About 5mm. The numbers refer to the measurement of the crank arm, from the center of the bottom bracket hole to the center of the pedal hole.
They do offer it fully loaded with sweet Lezyne tools, but not for $30. This one you'll need to fill with tools yourself.
A vid from the Conti Tire press launch. You may have to FF though a couple parts, but it did make me want to ride my bike.
This is NOT the tubeless version. The tubeless versions from Conti are usually noted with a "UST" and often represented separately with the notation in the title of the tire. A quick search shows the tire you're asking about is not currently in stock. FYI - The Mountain King 2 is out and may be worth checking out.

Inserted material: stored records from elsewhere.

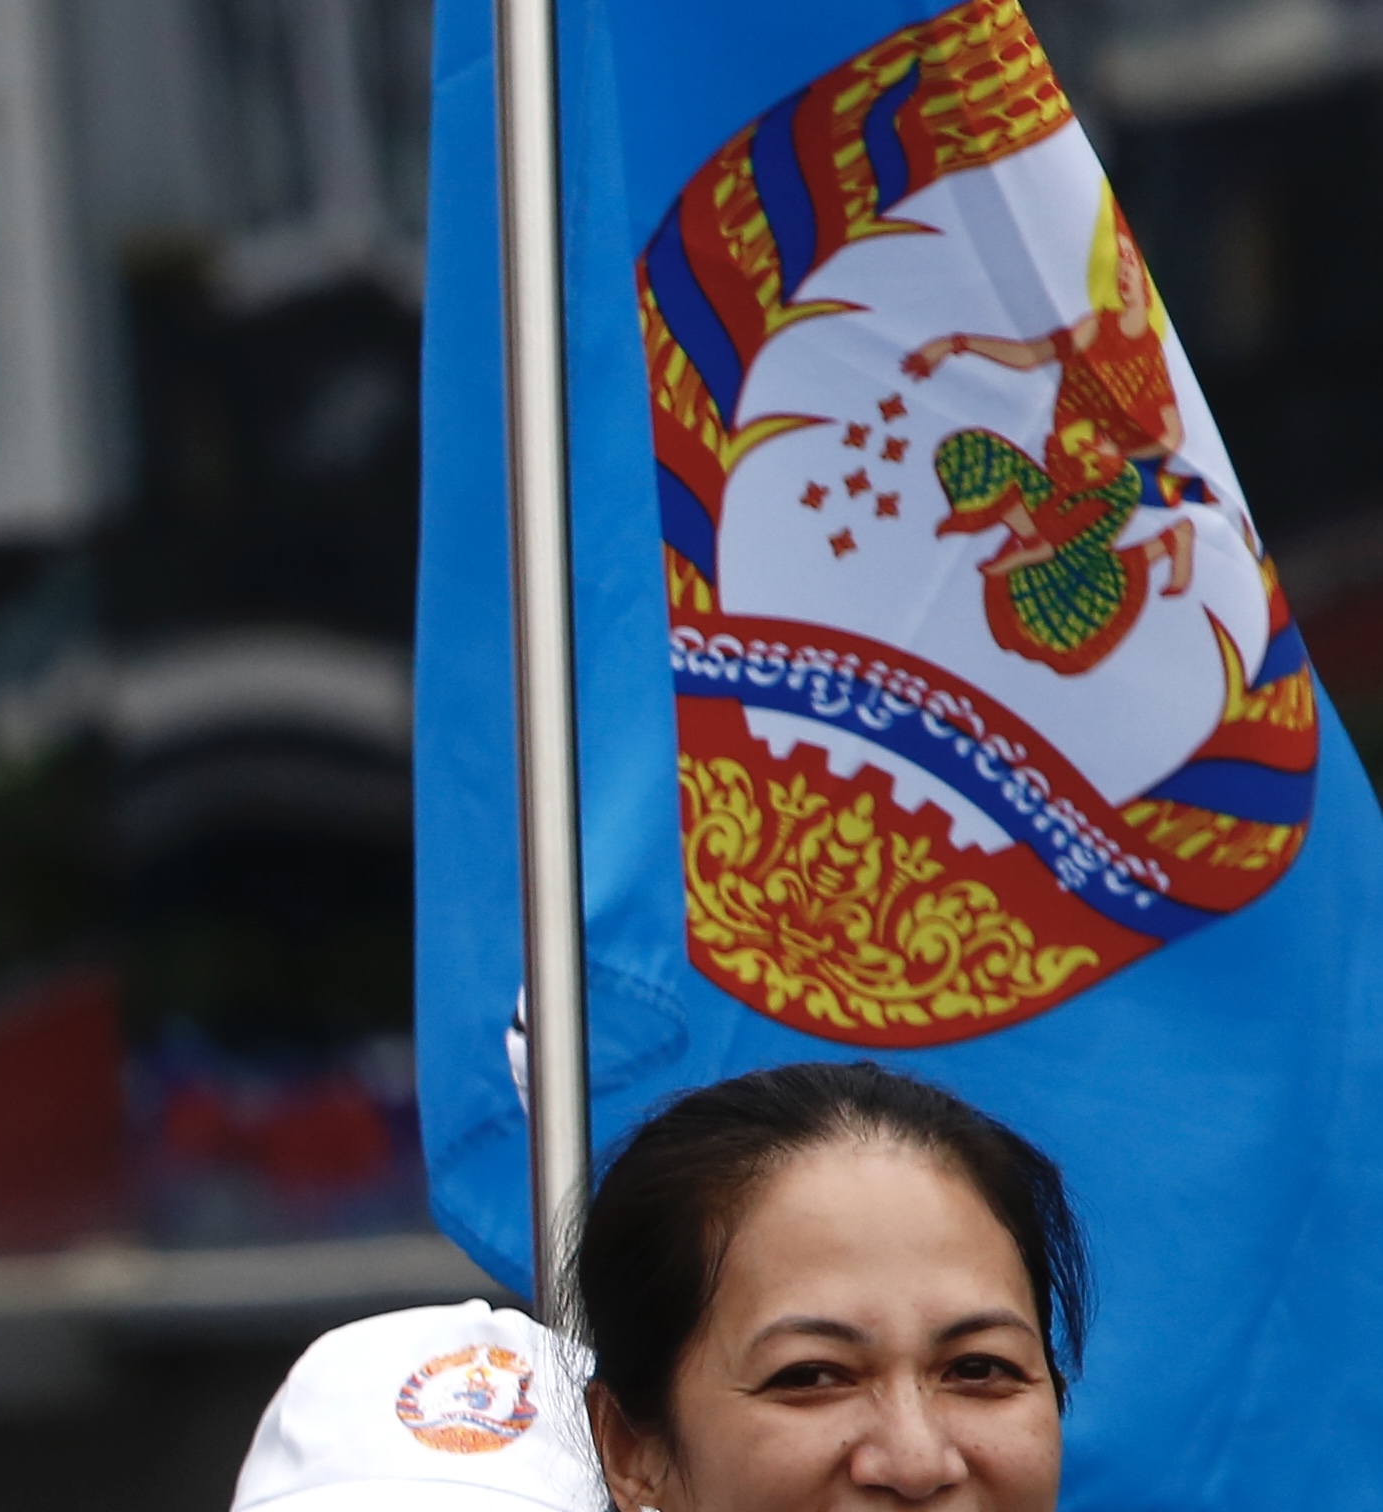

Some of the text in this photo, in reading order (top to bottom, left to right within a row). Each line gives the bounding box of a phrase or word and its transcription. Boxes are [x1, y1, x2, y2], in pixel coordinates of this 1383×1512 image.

[670, 626, 1170, 909] ណបក្សប្រជាជនកម្ពុជា
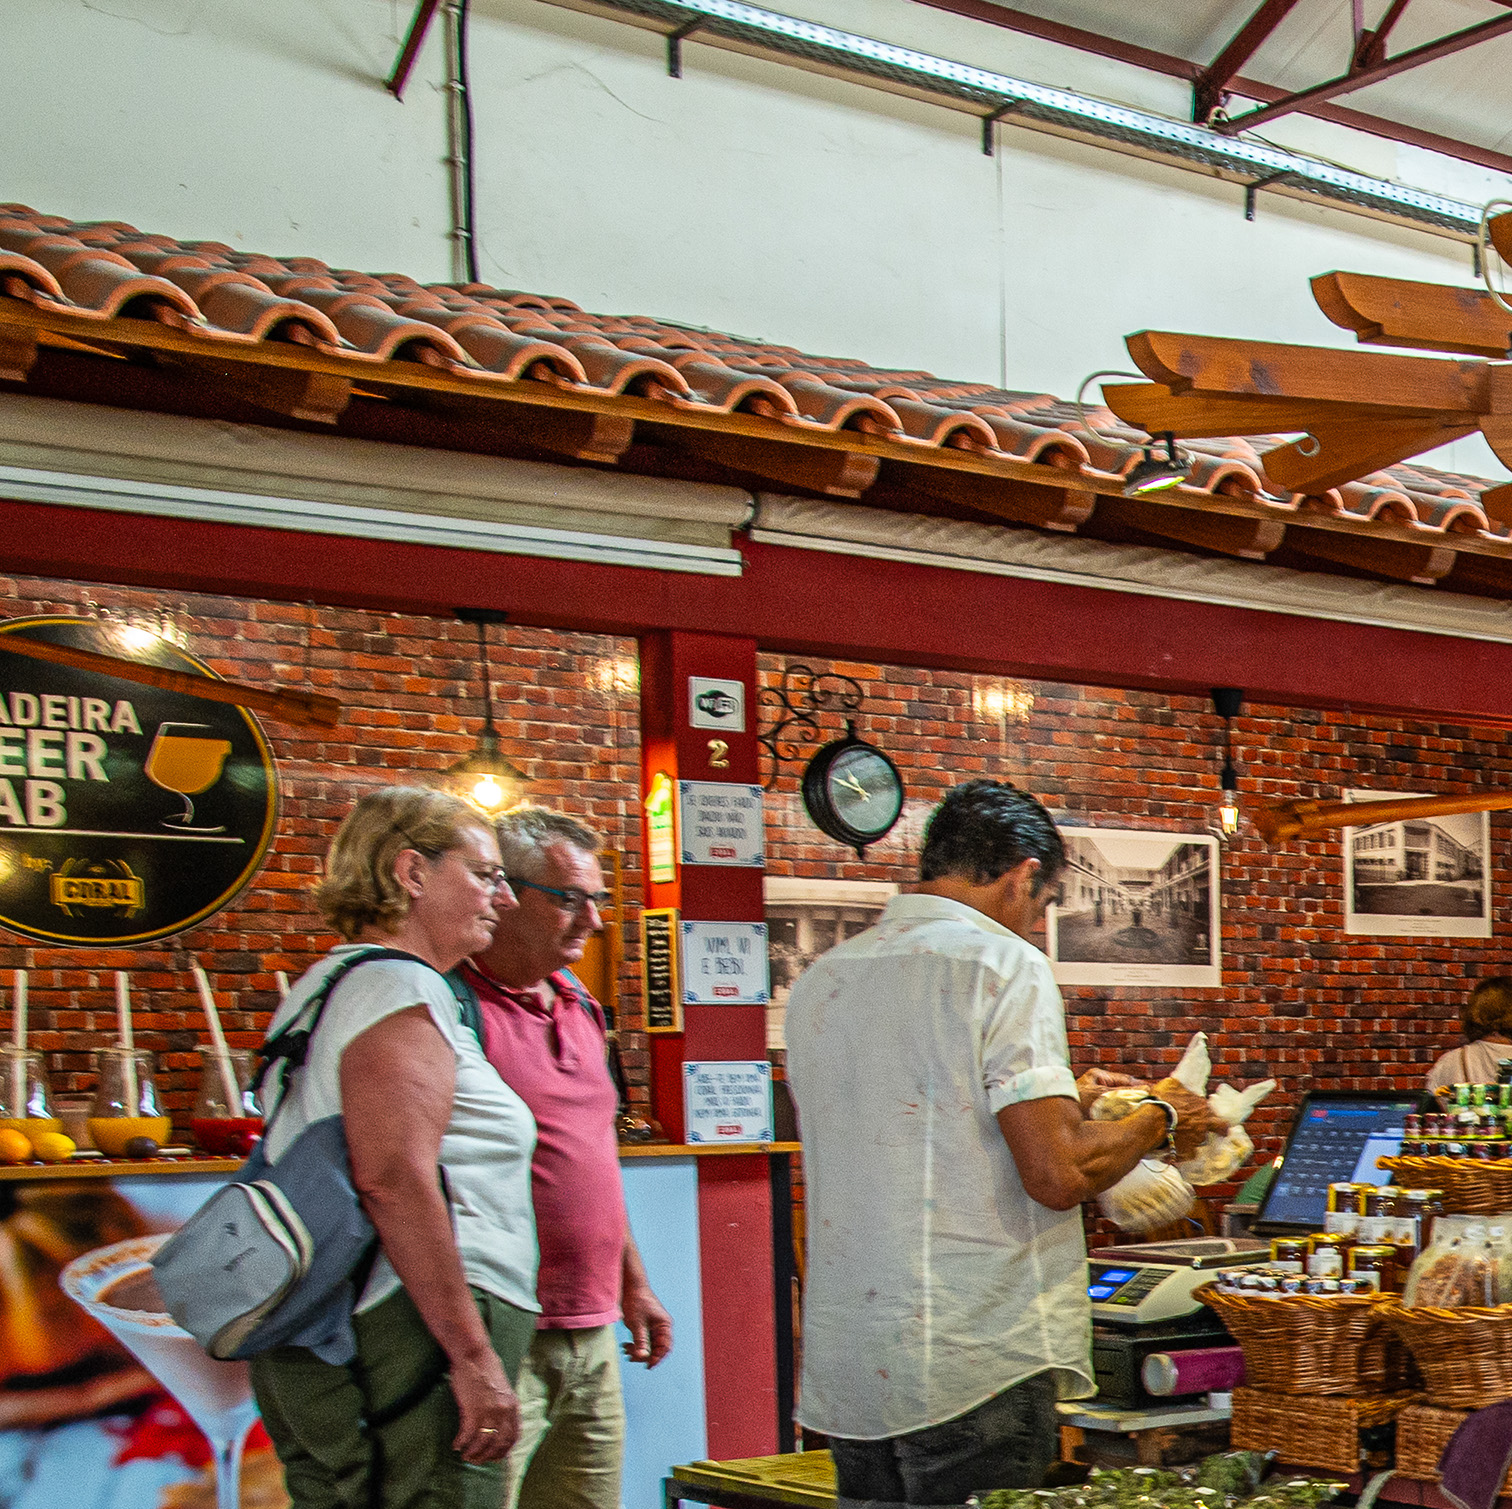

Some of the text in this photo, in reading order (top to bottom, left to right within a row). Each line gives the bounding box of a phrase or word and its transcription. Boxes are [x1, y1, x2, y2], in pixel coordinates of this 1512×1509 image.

[0, 691, 143, 736] DEIRA
[0, 726, 110, 782] EER
[707, 738, 730, 769] 2
[0, 778, 68, 827] AB
[63, 880, 133, 899] CORAL

Nope. These rotors are sold individually so you can mix and match your sizes for maximum braking pleasure.
Yep, a removable one.
What do you mean "a lot of jumping"?
If you were buying this to install on your dirt jumper, I would have to advise you otherwise. If you're adding this to you xc shredding 29'r and just want to make sure it will hold up to nasty air you catch along the way, I would say go for it. But you may want to search for a fork option with a 15mm qr or a 20mm axle to add a little more beef.
Pairs. Definitely pairs.
I'm pretty sure the Hellcat and Minnaar are only offered down to a size 6. Sometimes the fringe sizes with new models will get produced last, that may be the case with the Hellcat.
For the Minnaar, as of this post, HuckNRoll has the full gamut of sizes available, starting at 6.
For smaller SPD compatible shoes, you may need to look to the Vans Warner. http://www.hucknroll.com/vans-warner-spd-mountain-bike-shoe-mens
HuckNRoll has that down to a 4.0. The new Shimano SH-AM45 looks pretty sweet too, and it is offered in some smaller sizes. http://www.hucknroll.com/shimano-sh-am45-shoe-mens
I don't think this includes a spring in the first place.
No glue, it's designed like one of those snap bracelets that I had when I was a wee tyke. It has a metal insert that holds it in the rolled position.
It changes with the wear of the rubber washers.
I find a little spit facilitates the process a bit. It allows for a better seal and it's easier to remove by pulling straight off, rather than the sometimes needed wiggle that expels air with each move.
There is definitely a front/rear wheel combo that will work for your 26" wheeled bike.
If you want the wheels to swap right over, first check and see if you need the Centerlock version to accommodate your current brakes, usually Shimano. Otherwise the pretty standard 6 bolt version will work just fine.
Then you'll need to choose between 20mm axle version or the 9/15mm QR version depending on the for you're using. Chances are you will need the 9/15mm front wheel.
Feel free to post some pictures if your concerned with these educated guesses. It will be easy to tell with a couple pics of the bike.
Maybe if you're really patient your wish will come true, but...these are pretty dang new, pretty dang popular, and just pretty dang. I wouldn't expect to see these anywhere near our one-deal brethren this year. But what do I know?
All signs point to yes, as long as you go for the 1 1/8" steerer tube version.
You'll also need a 20mm axle compatible front wheel for this fork. Make sure you either
a) already have a 20mm compatible hub/wheel
2) get the wheel you need before you plan on using the fork on your Heckler
Negative. That combo is a no go.
Some 9mm QR hubs do convert over to be 20mm compatible, but the XTs are not among them.
Yep. It will work on presta or shraeder valve on your road bike, mountain bike, or unicycle.
I am 5'7" and am always asking myself the same question as I sit right between a small and a medium. I am pretty certain that moving forward I will be sizing down. I like the more upright and neutral position as I like bikes to be a bit more playful with less horsepower. I can see if I was an endurance athlete appreciating the longer top tube, but that ain't my jam.
Body proportions, riding style, and overall cycling fitness play a role in the way you want your bike to fit. And the lengths and angles between bikes vary, so every once in a while I find myself on a small that makes me wish for a set back seat post, but not very often.
To sum it up, I support your notion to size down. The bits and pieces can always change, but the frame is fairly permanent.